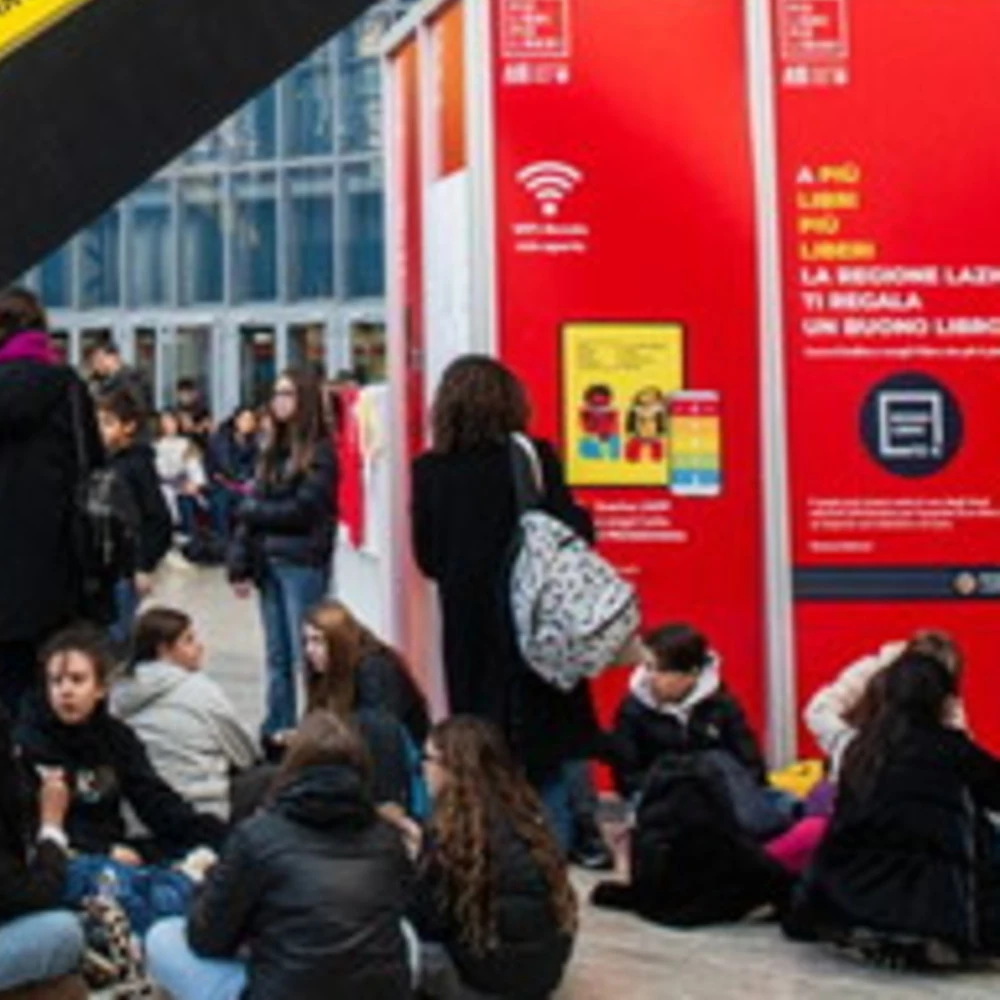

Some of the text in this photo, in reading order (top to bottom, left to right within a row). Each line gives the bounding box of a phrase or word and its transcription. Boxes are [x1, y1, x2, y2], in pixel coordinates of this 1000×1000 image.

[796, 165, 814, 184] A
[800, 266, 831, 286] LA
[836, 265, 940, 286] REGIONE
[801, 291, 924, 312] TI REGALA
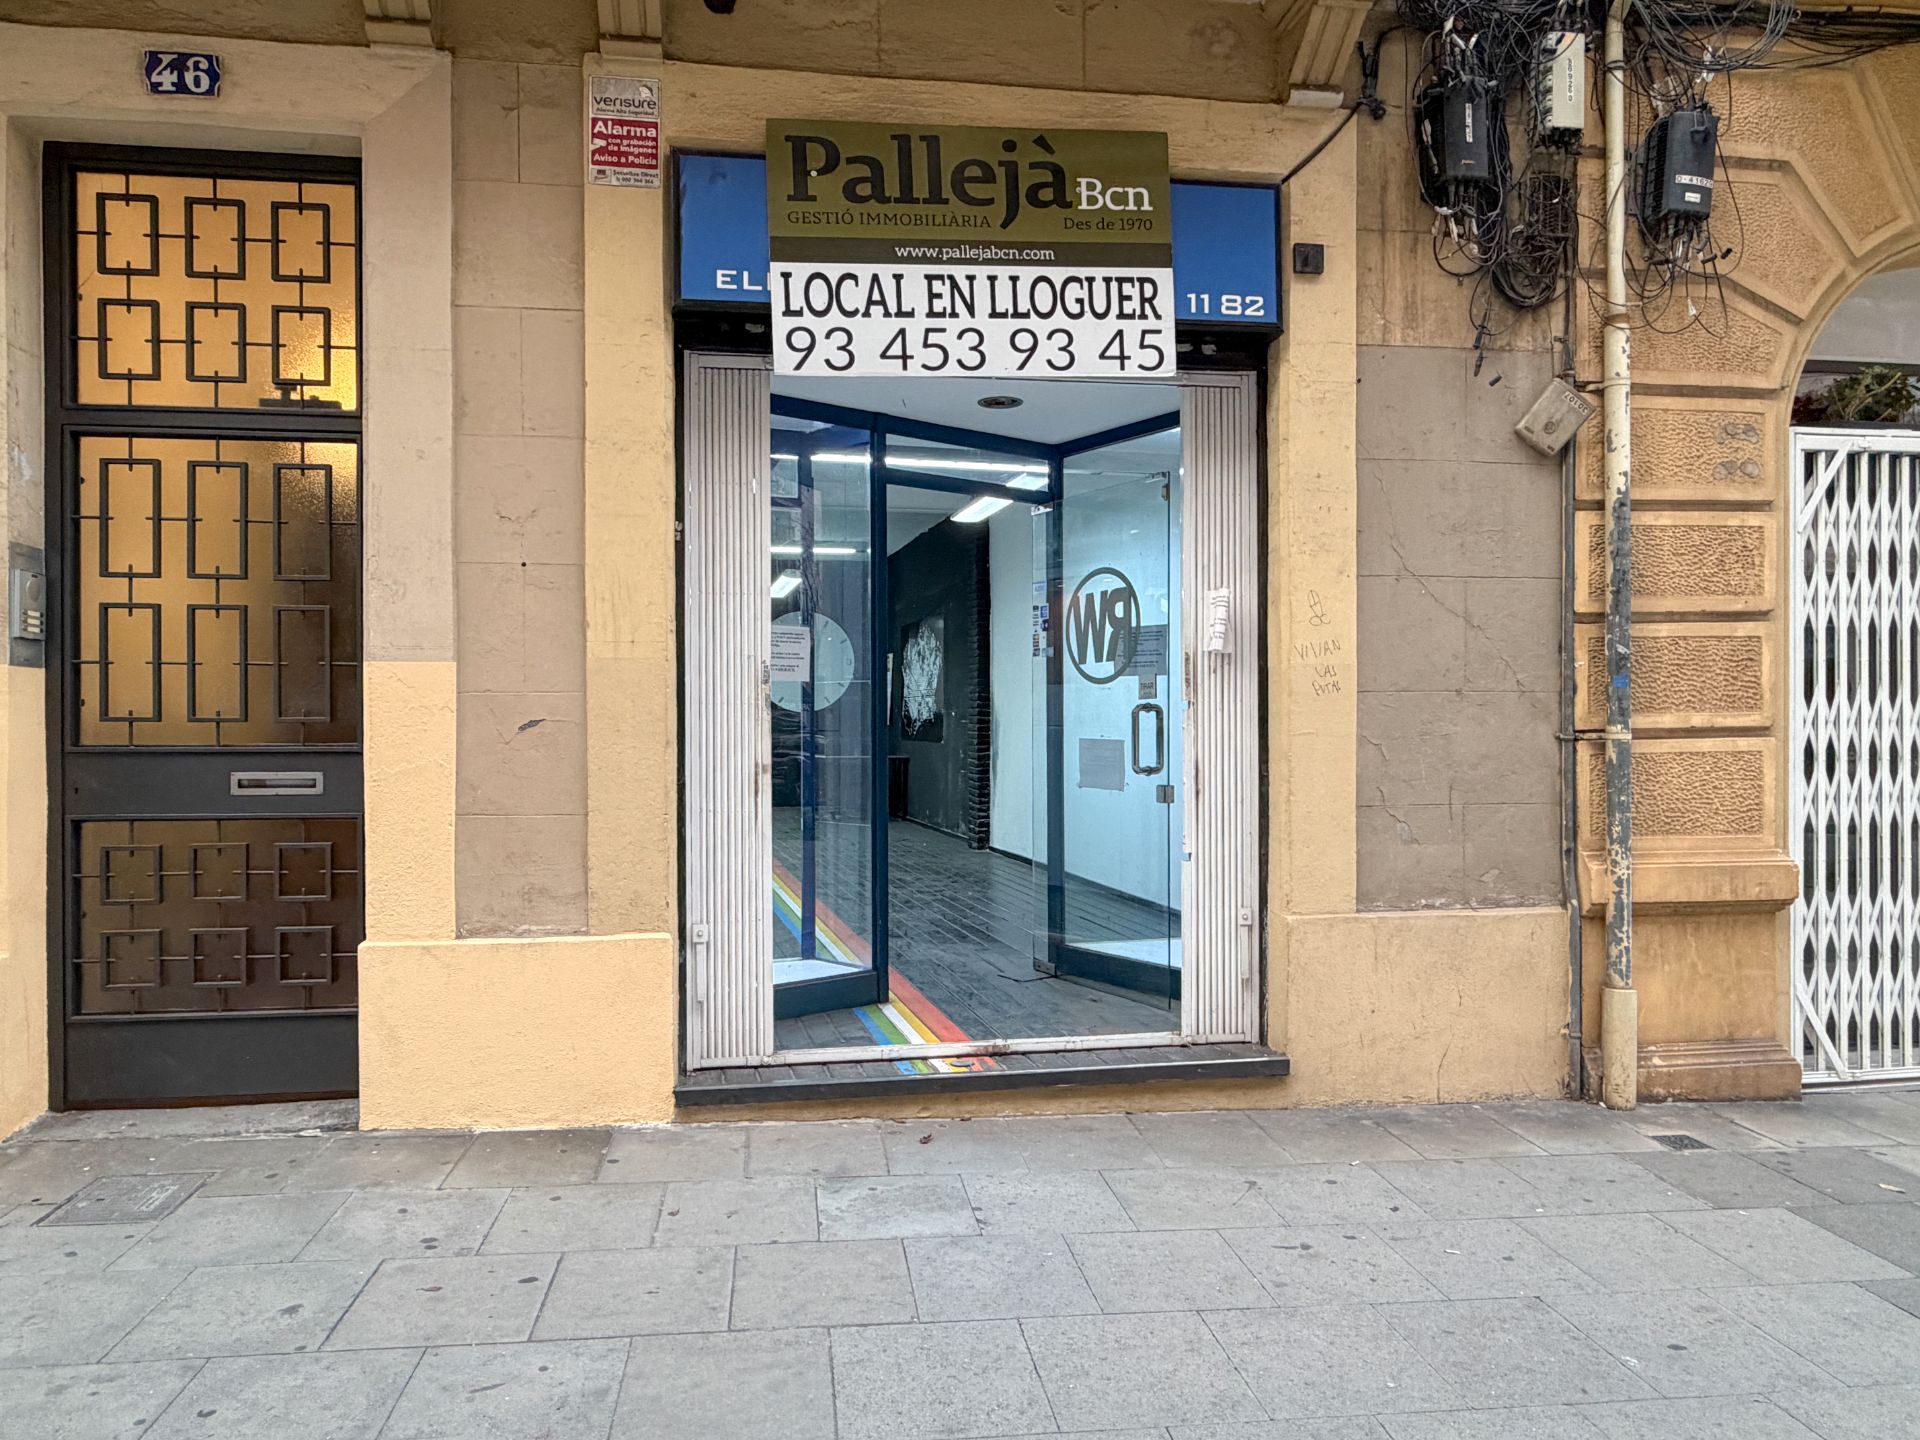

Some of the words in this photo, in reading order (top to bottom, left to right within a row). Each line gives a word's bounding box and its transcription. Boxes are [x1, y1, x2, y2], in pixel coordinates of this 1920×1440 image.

[150, 53, 210, 93] 46
[593, 96, 657, 110] verisure
[593, 120, 657, 138] Alarma
[593, 153, 618, 163] Aviso
[784, 133, 1074, 230] Pallejà
[1075, 177, 1154, 211] Bcn
[787, 208, 854, 225] GESTIÓ
[859, 209, 992, 228] IMMOBILIÀRIA
[1063, 217, 1092, 230] Des
[1096, 217, 1115, 231] de
[1119, 217, 1153, 231] 1970
[894, 244, 1056, 262] www.pallejabcn.com
[716, 269, 771, 291] EL
[780, 271, 915, 319] LOCAL
[924, 273, 977, 319] EN
[986, 274, 1163, 320] LLOGUER
[785, 326, 856, 372] 93
[879, 327, 987, 372] 453
[1009, 327, 1076, 371] 93
[1098, 328, 1165, 372] 45
[1294, 639, 1341, 661] VIVIAN
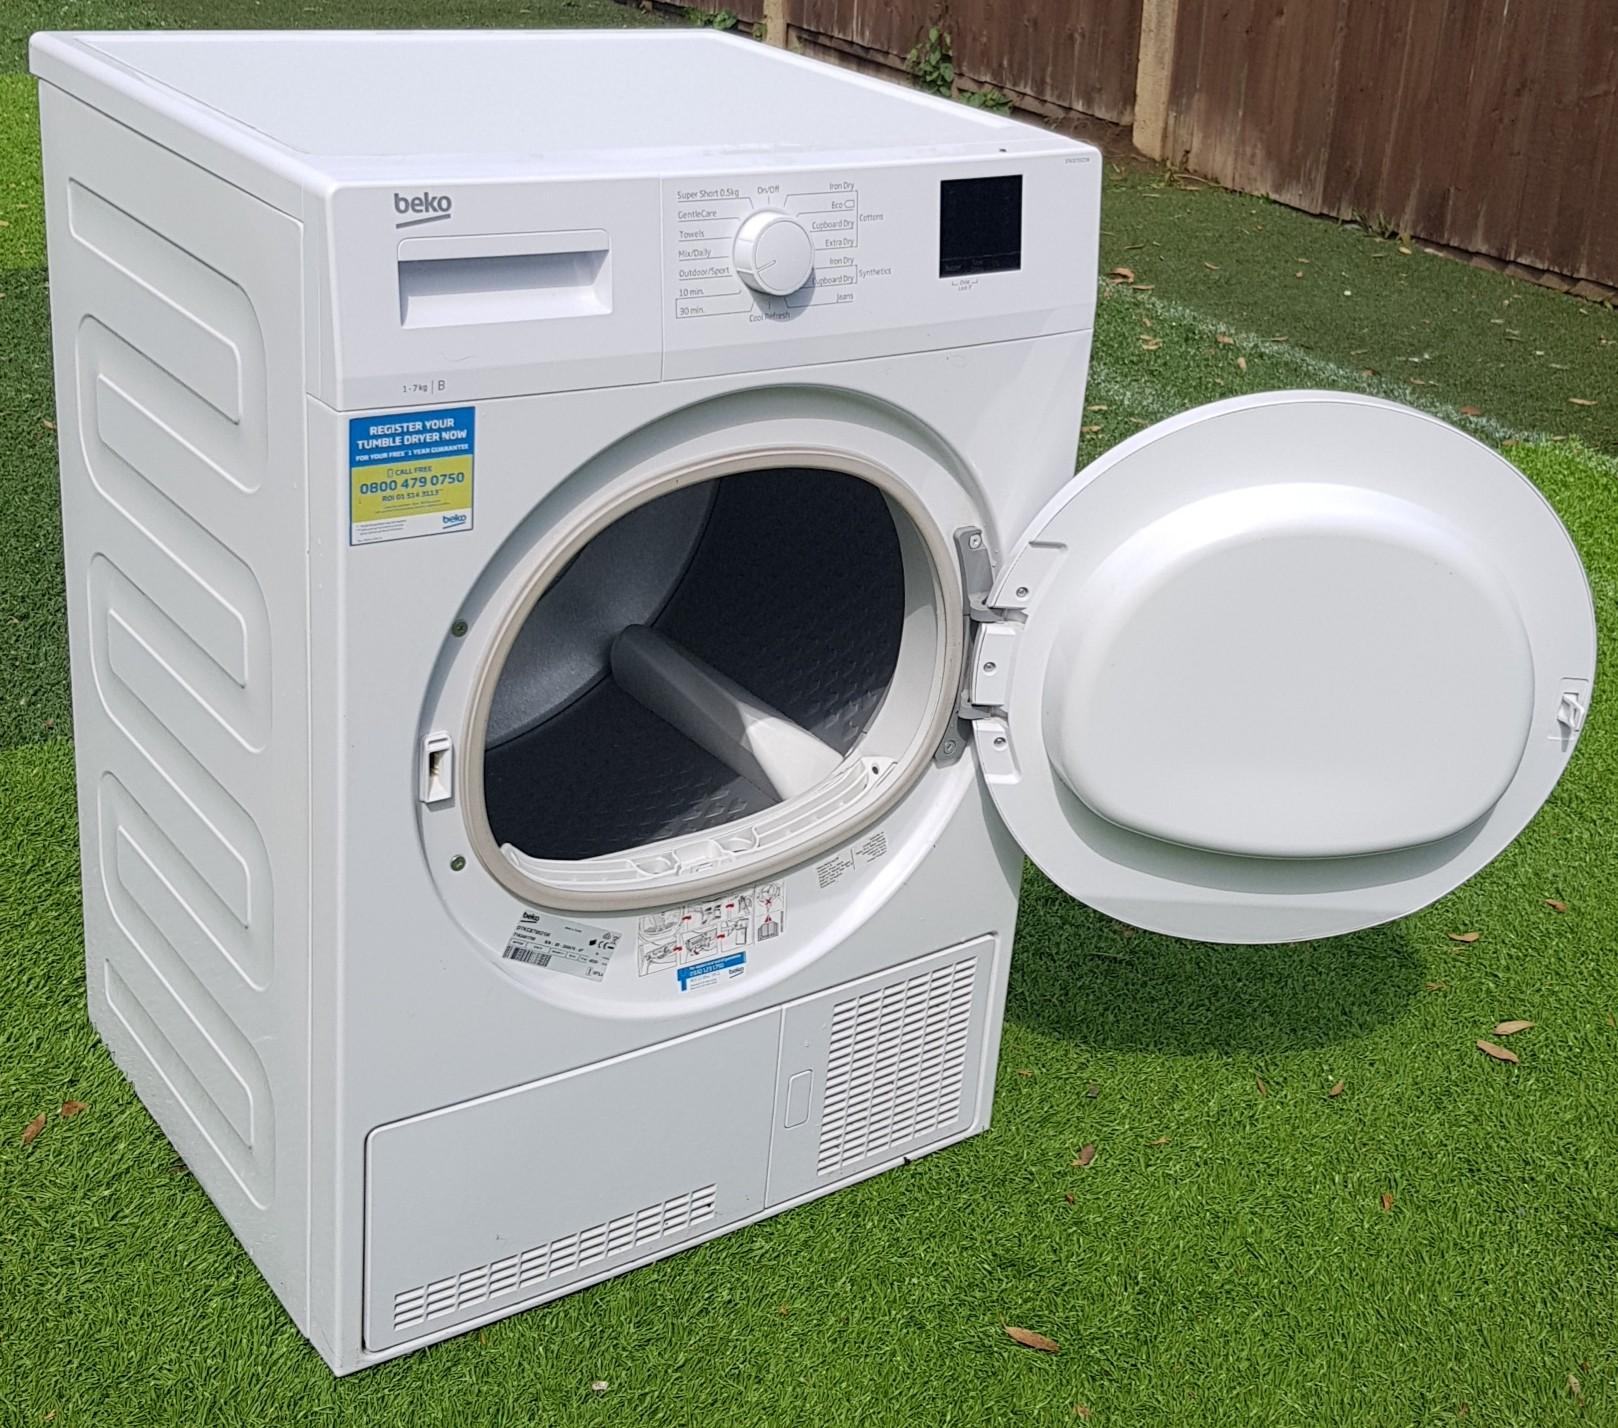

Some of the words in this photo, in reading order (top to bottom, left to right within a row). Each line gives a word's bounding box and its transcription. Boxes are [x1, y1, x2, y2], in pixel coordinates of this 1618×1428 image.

###

(Exercise instructions):
Produce a verbatim copy of all records, minus pictures.

(Answer to the problem):
Some of the text in this photo, in reading order (top to bottom, left to right within a row). Each line gives the bounding box of a phrase or word and its transcription. Boxes are [x1, y1, x2, y2], in pixel coordinates of this 1000×1000 image.

[796, 165, 814, 184] A
[800, 266, 831, 286] LA
[836, 265, 940, 286] REGIONE
[801, 291, 924, 312] TI REGALA

Some of the words in this photo, in reading order (top to bottom, left to right within a row). Each line gives a word's bounding box and its transcription. Boxes are [x1, y1, x2, y2], in pixel coordinates of this 1920×1440 image.

[150, 53, 210, 93] 46
[593, 96, 657, 110] verisure
[593, 120, 657, 138] Alarma
[593, 153, 618, 163] Aviso
[784, 133, 1074, 230] Pallejà
[1075, 177, 1154, 211] Bcn
[787, 208, 854, 225] GESTIÓ
[859, 209, 992, 228] IMMOBILIÀRIA
[1063, 217, 1092, 230] Des
[1096, 217, 1115, 231] de
[1119, 217, 1153, 231] 1970
[894, 244, 1056, 262] www.pallejabcn.com
[716, 269, 771, 291] EL
[780, 271, 915, 319] LOCAL
[924, 273, 977, 319] EN
[986, 274, 1163, 320] LLOGUER
[785, 326, 856, 372] 93
[879, 327, 987, 372] 453
[1009, 327, 1076, 371] 93
[1098, 328, 1165, 372] 45
[1294, 639, 1341, 661] VIVIAN

Some of the words in this photo, in reading order (top to bottom, left to right within a row). Each line gives a word's bounding box and its transcription. Boxes are [x1, y1, x2, y2], in pixel coordinates of this 1618×1428 image.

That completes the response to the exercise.